*** Opening Information given ***

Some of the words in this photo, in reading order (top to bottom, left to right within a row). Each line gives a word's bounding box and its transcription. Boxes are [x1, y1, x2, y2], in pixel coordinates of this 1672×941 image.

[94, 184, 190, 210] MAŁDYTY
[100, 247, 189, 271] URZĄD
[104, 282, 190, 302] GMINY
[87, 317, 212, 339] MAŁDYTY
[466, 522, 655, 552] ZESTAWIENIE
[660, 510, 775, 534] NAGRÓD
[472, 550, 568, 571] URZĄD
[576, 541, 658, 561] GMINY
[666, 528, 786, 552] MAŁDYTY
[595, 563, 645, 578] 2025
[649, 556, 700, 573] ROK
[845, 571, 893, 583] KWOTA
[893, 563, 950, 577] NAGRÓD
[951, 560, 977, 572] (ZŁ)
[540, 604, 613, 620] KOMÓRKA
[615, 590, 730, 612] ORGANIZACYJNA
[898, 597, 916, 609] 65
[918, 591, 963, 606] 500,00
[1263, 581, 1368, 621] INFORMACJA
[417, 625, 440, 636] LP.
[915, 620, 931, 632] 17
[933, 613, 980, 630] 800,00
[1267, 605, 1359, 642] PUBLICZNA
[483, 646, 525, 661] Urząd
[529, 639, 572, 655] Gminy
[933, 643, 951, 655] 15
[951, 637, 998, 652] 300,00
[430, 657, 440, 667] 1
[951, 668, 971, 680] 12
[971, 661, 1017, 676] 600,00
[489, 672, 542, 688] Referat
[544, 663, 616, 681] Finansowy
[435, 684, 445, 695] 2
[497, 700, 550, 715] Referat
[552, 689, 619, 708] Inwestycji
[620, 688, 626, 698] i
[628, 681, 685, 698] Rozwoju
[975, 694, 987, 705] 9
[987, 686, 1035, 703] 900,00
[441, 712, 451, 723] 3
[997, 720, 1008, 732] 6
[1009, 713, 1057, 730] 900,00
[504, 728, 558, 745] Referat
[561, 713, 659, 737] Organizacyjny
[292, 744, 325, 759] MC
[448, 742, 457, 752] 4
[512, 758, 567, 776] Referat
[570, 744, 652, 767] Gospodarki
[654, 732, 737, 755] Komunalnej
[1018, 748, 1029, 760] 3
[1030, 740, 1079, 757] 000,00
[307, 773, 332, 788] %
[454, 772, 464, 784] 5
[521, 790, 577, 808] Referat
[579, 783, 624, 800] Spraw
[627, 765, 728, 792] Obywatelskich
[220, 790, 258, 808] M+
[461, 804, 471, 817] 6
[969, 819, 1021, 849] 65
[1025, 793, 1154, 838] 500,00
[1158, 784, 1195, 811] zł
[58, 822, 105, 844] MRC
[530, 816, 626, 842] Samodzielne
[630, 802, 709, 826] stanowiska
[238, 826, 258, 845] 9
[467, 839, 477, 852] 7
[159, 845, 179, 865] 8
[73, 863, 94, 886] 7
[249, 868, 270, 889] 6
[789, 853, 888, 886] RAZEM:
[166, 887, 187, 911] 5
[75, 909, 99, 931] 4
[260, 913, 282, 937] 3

*** Closing Information given ***

## What is required:
Set aside each line above that includes the string "NAGRÓD" and report it.

## Solution to the exercise:
[660, 510, 775, 534] NAGRÓD
[893, 563, 950, 577] NAGRÓD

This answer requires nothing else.